*** Block opens ***
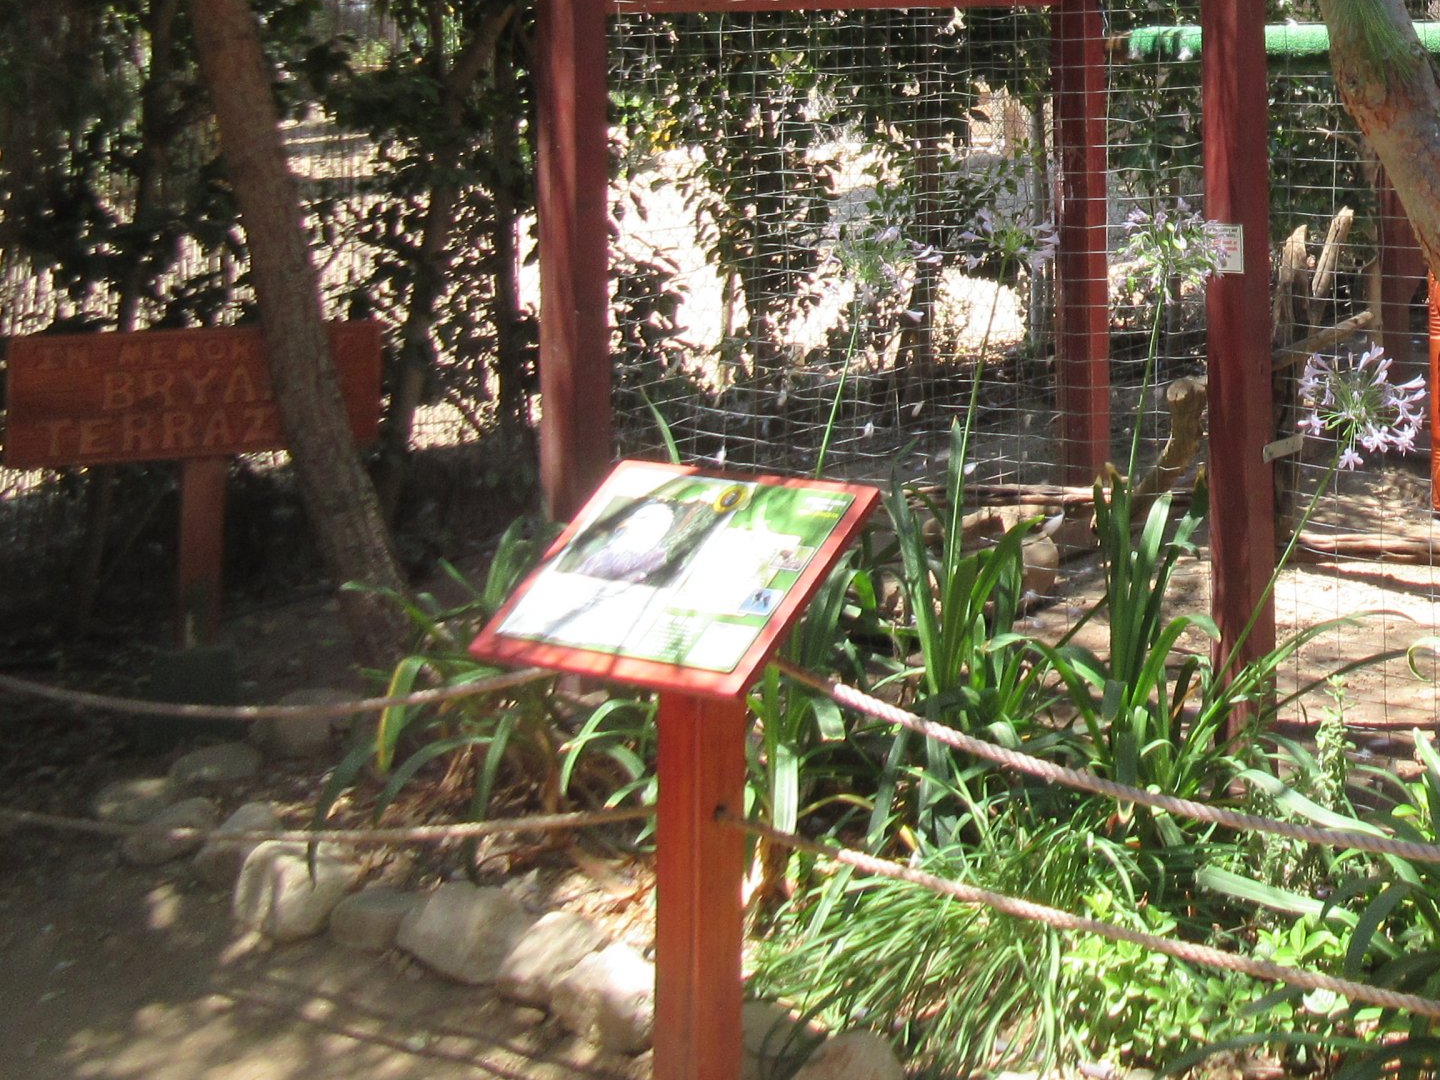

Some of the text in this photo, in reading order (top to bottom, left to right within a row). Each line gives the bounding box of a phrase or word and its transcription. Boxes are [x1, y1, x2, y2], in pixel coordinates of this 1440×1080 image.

[118, 338, 253, 367] MEMOR
[102, 364, 274, 411] BRYA
[39, 405, 279, 457] TERRAZ
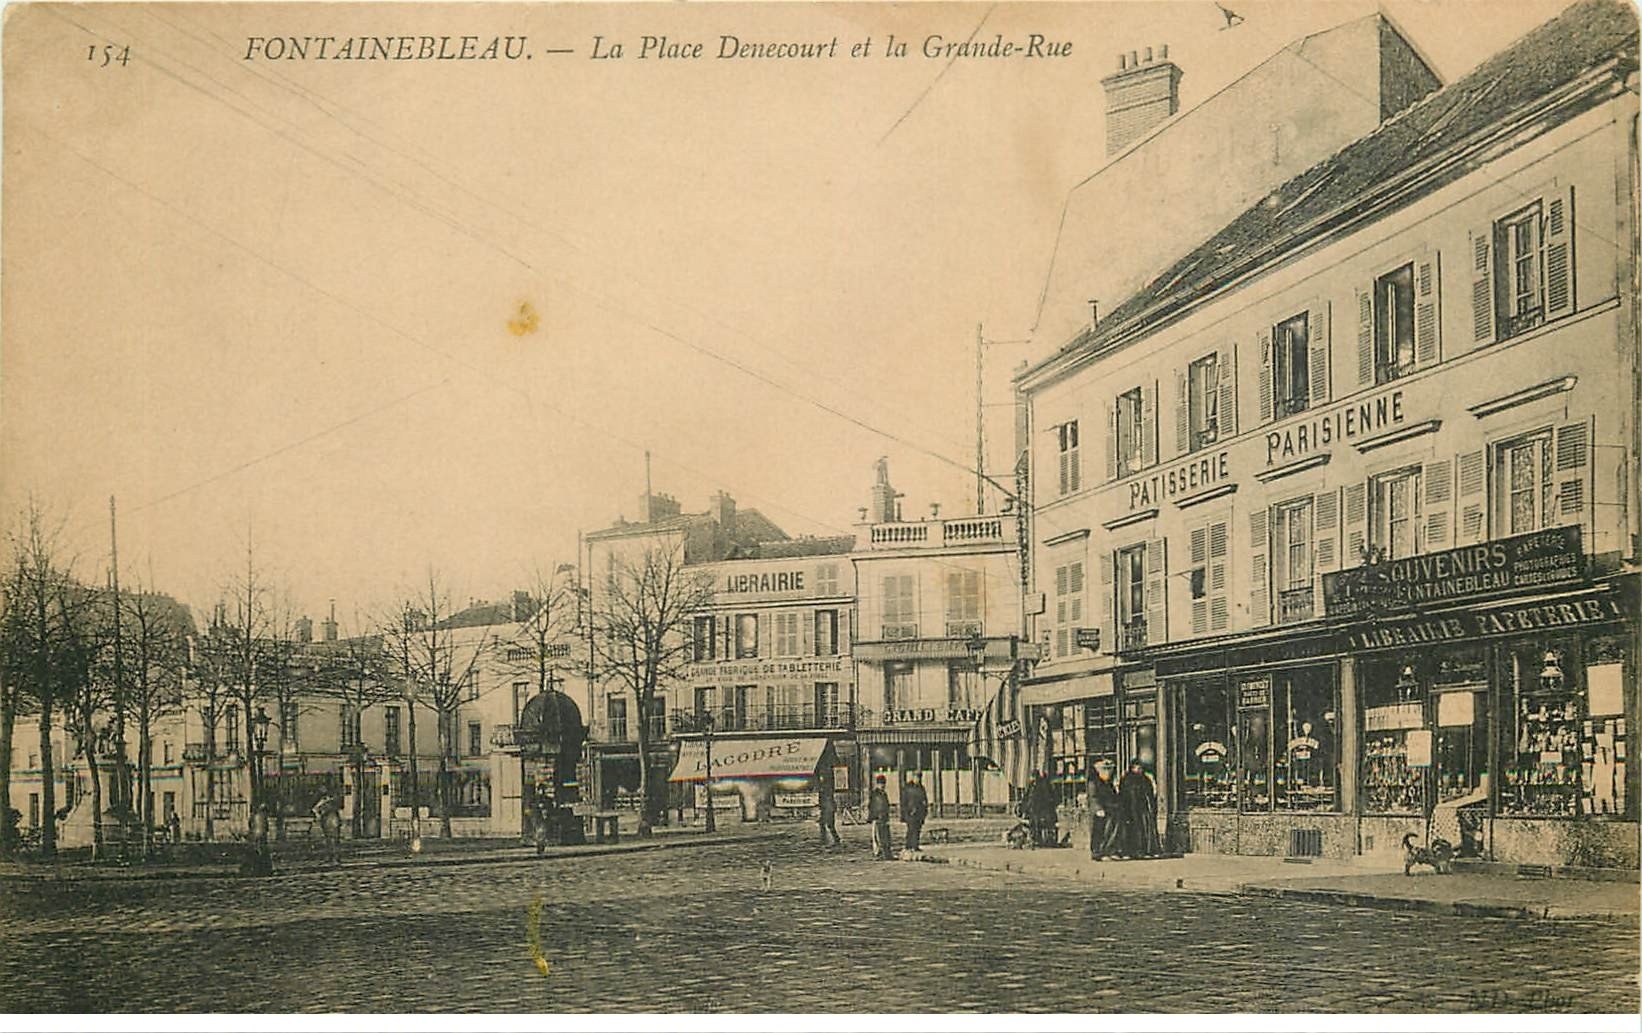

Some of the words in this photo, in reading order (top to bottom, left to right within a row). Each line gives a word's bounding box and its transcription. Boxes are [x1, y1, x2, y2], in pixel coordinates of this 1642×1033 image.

[1129, 452, 1229, 511] PATISSERIE
[1266, 391, 1404, 466] PARISIENNE
[727, 571, 805, 593] LIBRAIRIE
[1361, 619, 1465, 649] LIBRAIRIE
[1476, 600, 1605, 635] PAPETERIE
[762, 663, 775, 674] DE
[777, 660, 842, 674] TABLETTERIE
[883, 708, 935, 722] GRAND
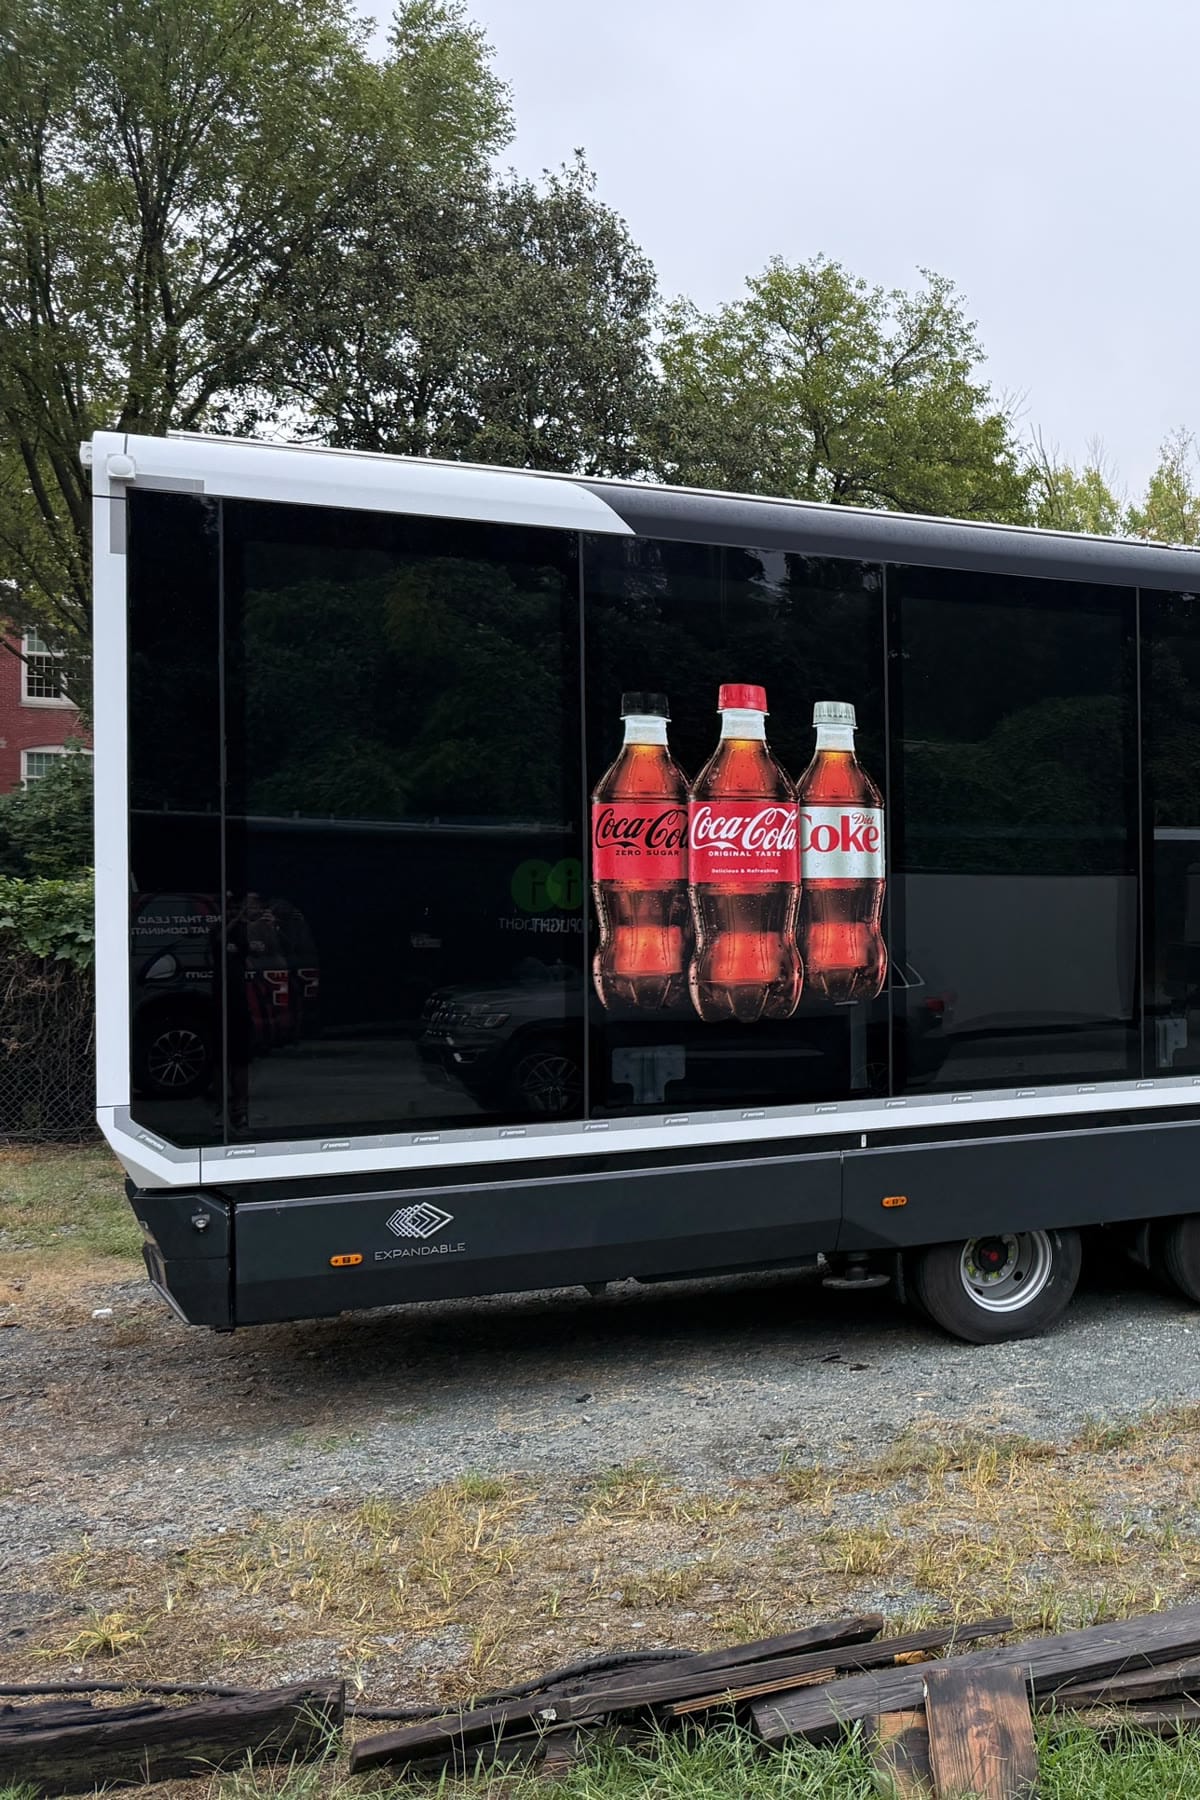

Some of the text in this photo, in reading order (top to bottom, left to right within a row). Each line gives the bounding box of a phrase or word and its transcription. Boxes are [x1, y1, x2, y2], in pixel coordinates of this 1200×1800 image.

[595, 807, 689, 850] Coca-Col
[690, 806, 799, 851] Coca-Cola
[615, 849, 681, 857] ZERO SUGAR
[707, 850, 782, 858] ORIGINAL TASTE
[746, 868, 779, 876] Refreshing
[374, 1242, 466, 1261] EXPANDABLE
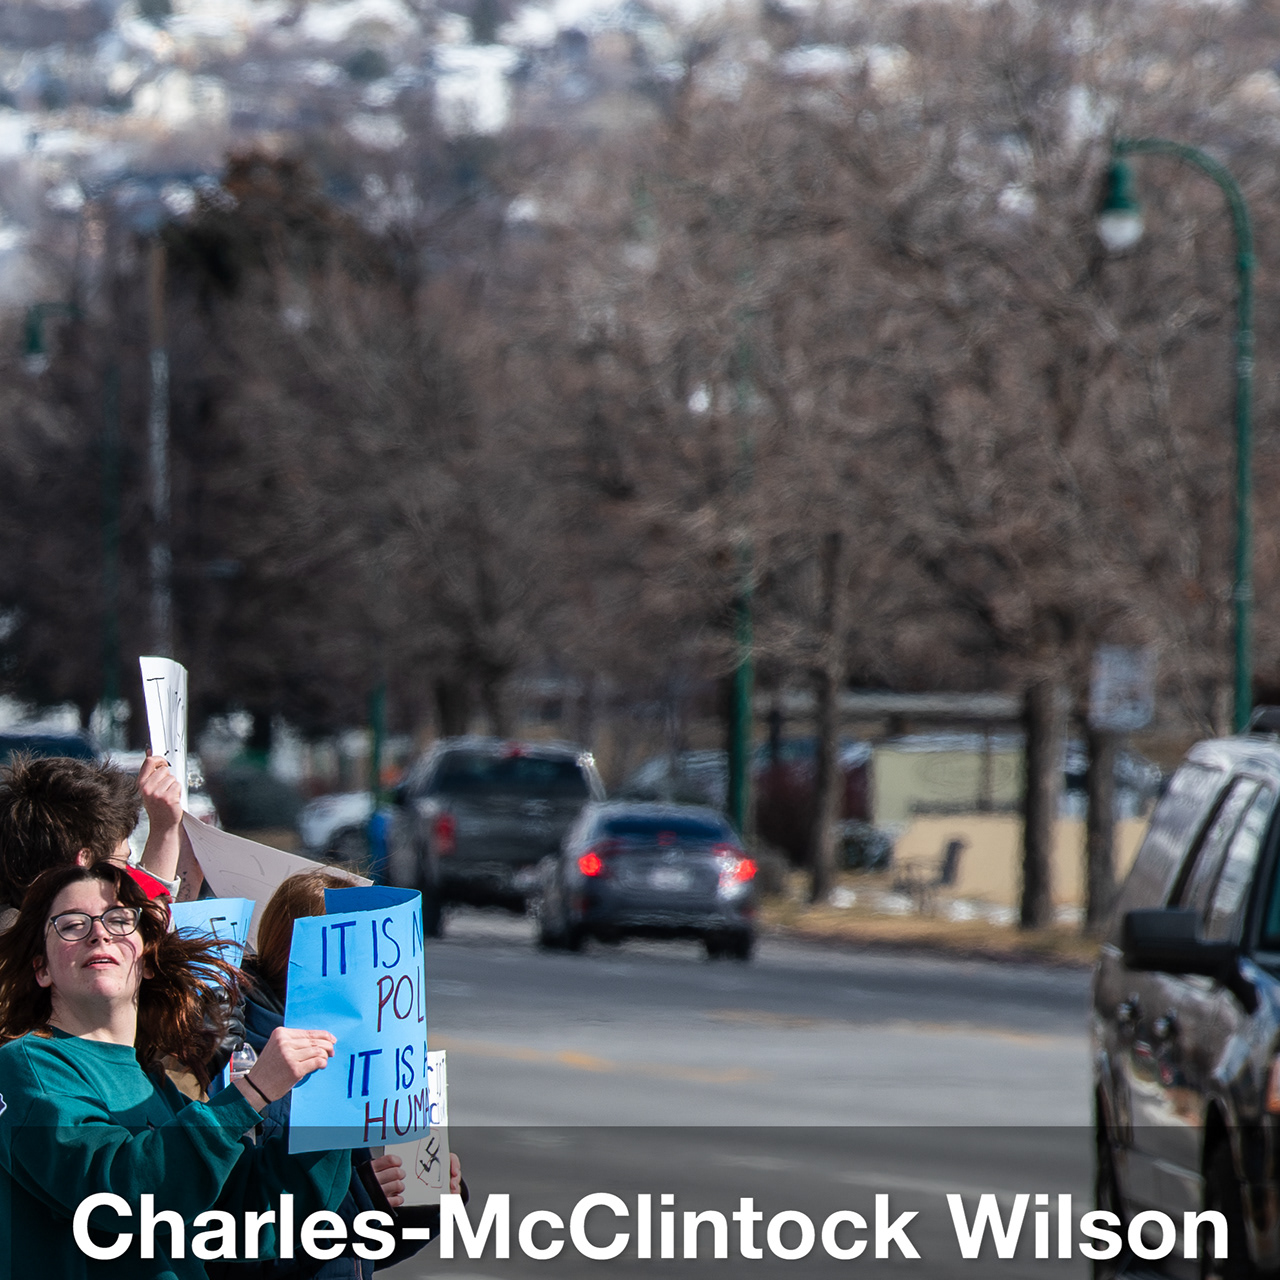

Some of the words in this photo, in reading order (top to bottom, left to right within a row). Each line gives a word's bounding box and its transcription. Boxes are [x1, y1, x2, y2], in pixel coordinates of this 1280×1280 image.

[321, 920, 357, 977] IT
[372, 917, 401, 968] IS
[347, 1048, 383, 1098] IT
[396, 1045, 415, 1091] IS
*** Block closes ***
AIM OF THE TASK —
Return all the lines above exactly; none of the pictures should appear.

ANSWER SPACE —
Some of the text in this photo, in reading order (top to bottom, left to right within a row). Each line gives the bounding box of a phrase or word and its transcription. Boxes are [x1, y1, x2, y2], in pixel coordinates of this 1440×1080 image.

[118, 338, 253, 367] MEMOR
[102, 364, 274, 411] BRYA
[39, 405, 279, 457] TERRAZ

Some of the words in this photo, in reading order (top to bottom, left to right within a row). Each line gives a word's bounding box and its transcription. Boxes are [x1, y1, x2, y2], in pixel coordinates of this 1642×1033 image.

[1129, 452, 1229, 511] PATISSERIE
[1266, 391, 1404, 466] PARISIENNE
[727, 571, 805, 593] LIBRAIRIE
[1361, 619, 1465, 649] LIBRAIRIE
[1476, 600, 1605, 635] PAPETERIE
[762, 663, 775, 674] DE
[777, 660, 842, 674] TABLETTERIE
[883, 708, 935, 722] GRAND

Some of the text in this photo, in reading order (top to bottom, left to right within a row). Each line gives the bounding box of a phrase or word and its transcription. Boxes are [x1, y1, x2, y2], in pixel coordinates of this 1200×1800 image.

[595, 807, 689, 850] Coca-Col
[690, 806, 799, 851] Coca-Cola
[615, 849, 681, 857] ZERO SUGAR
[707, 850, 782, 858] ORIGINAL TASTE
[746, 868, 779, 876] Refreshing
[374, 1242, 466, 1261] EXPANDABLE

Some of the words in this photo, in reading order (top to bottom, left to right within a row). Each line gives a word's bounding box and its transcription. Boxes are [x1, y1, x2, y2], in pixel coordinates of this 1280×1280 image.

[321, 920, 357, 977] IT
[372, 917, 401, 968] IS
[347, 1048, 383, 1098] IT
[396, 1045, 415, 1091] IS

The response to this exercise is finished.